辛口映画レビュー
  監督 石井克人
  主演 坂野真弥
      佐藤貴広
      浅野忠信
      手塚理美
      我修院達也      
      三浦友和
  [2003年/日本/カラー/143分]
  配給:クロックワークス、レントラックジャパン
評価 ★★★☆☆
あらすじ 山間の小さな村に住む春野家の人々。片思いの女の子が転校し、後悔しきりの長男(佐藤貴広)。小学校一年生の妹(坂野真弥)は、巨大化した自分が勝手に動き回るのに悩んでいる。母(手塚理美)は義父(我修院達也)の指導のもと、アニメーター復帰作の制作に夢中。そんな妻にほうっておかれ、面白くない夫(三浦友和)。うららかな春に霞のようなモヤモヤを抱えている家族だったが、時間とともにそれぞれの状況も変化していき…。
レビュー 鮫肌男と桃尻女』の石井克人監督の新作です。
冒頭から少年の額から電車が出てきたり、巨大な女の子が出てきたりとマニアックな演出があるのでこれはちょっとどうかな・・・と思わされます。
が・・・それでもこの世界観が妙にまったりと心地よくなってくるんですね。
ちょうど浅野忠信演じる男が子供時代のエピソードを語り始めるシーンぐらいからでしょうか徐々に見ていて面白いし心地よくなってくるものがあります。
春野家の面々も一人一人が個性豊かに描かれていてとてもよく出来ています。
特に長男役の佐藤貴広クンの素朴な等身大の田舎の中学生の演技には癒されます♪
我衆院達也のおじいちゃんも少しやりすぎとも思えるぐらい強烈なインパクトで好演。
ラストシーンでの家族に残した絵日記。
うーん。いいなぁ〜あんなもの残されちゃったら本当にうれしいだろうな〜
またあんなものを残しちゃうじいさんもたいしたもんだ〜。

この映画、強烈な歌あり(山という歌だけどこれが妙に良い)
更にはアニメのシーンまでありでおよそ田舎の家族物を描いた作品には縁遠い素材がふんだんに使用されています。
しかしそれらが作品の持つ空気と相反することなく逆にいい意味で個性的な作品に仕立て上げるスパイスになっています。
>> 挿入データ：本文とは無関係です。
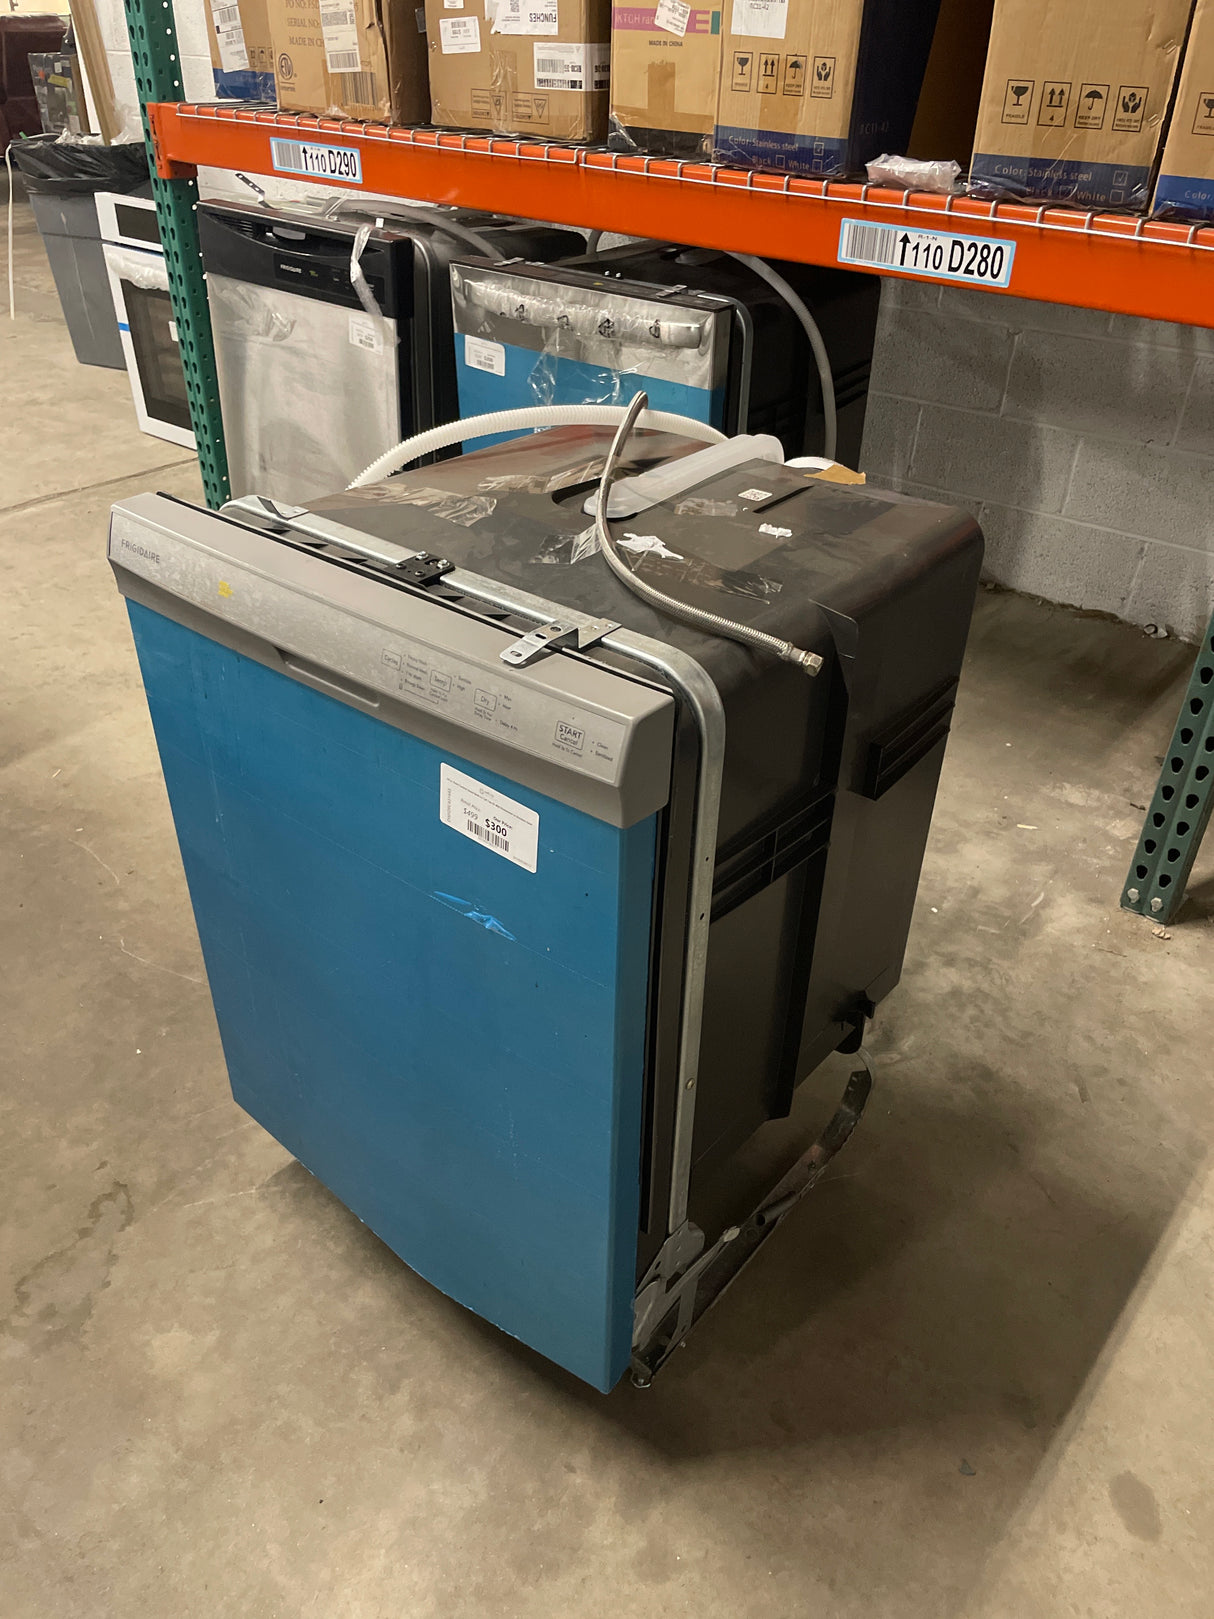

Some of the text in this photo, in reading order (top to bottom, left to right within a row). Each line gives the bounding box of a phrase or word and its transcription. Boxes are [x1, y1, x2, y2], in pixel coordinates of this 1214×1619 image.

[287, 17, 307, 28] SERIAL
[529, 12, 557, 23] FUNCHES
[289, 36, 307, 47] MADE
[307, 37, 315, 47] IN
[752, 138, 780, 149] Stainless
[781, 142, 799, 152] steel
[309, 149, 357, 178] 110 D290
[787, 159, 810, 170] White
[1028, 167, 1068, 180] Stainless
[1070, 171, 1093, 181] steel
[1075, 189, 1106, 201] White
[911, 239, 1005, 280] 110 D280
[120, 537, 161, 564] FRIGIDAIRE
[480, 695, 490, 707] Dry
[558, 724, 583, 740] START
[559, 733, 579, 747] Cancel
[463, 806, 479, 821] $499
[484, 817, 508, 838] $300
この辺は監督さんの非凡さを感じます。

途中何度も出てくる家族団らんのシーン。
縁側でお父さんと息子が碁を打ち合うシーンなどを見ると妙に懐かしくもあり安心してしまいます。
まるで日本茶を飲んで『はぁ〜〜』と和む感じですかね〜

あっ!だ〜からこういう題名なのか。納得♪
隠れた興味深い映画の1つですね。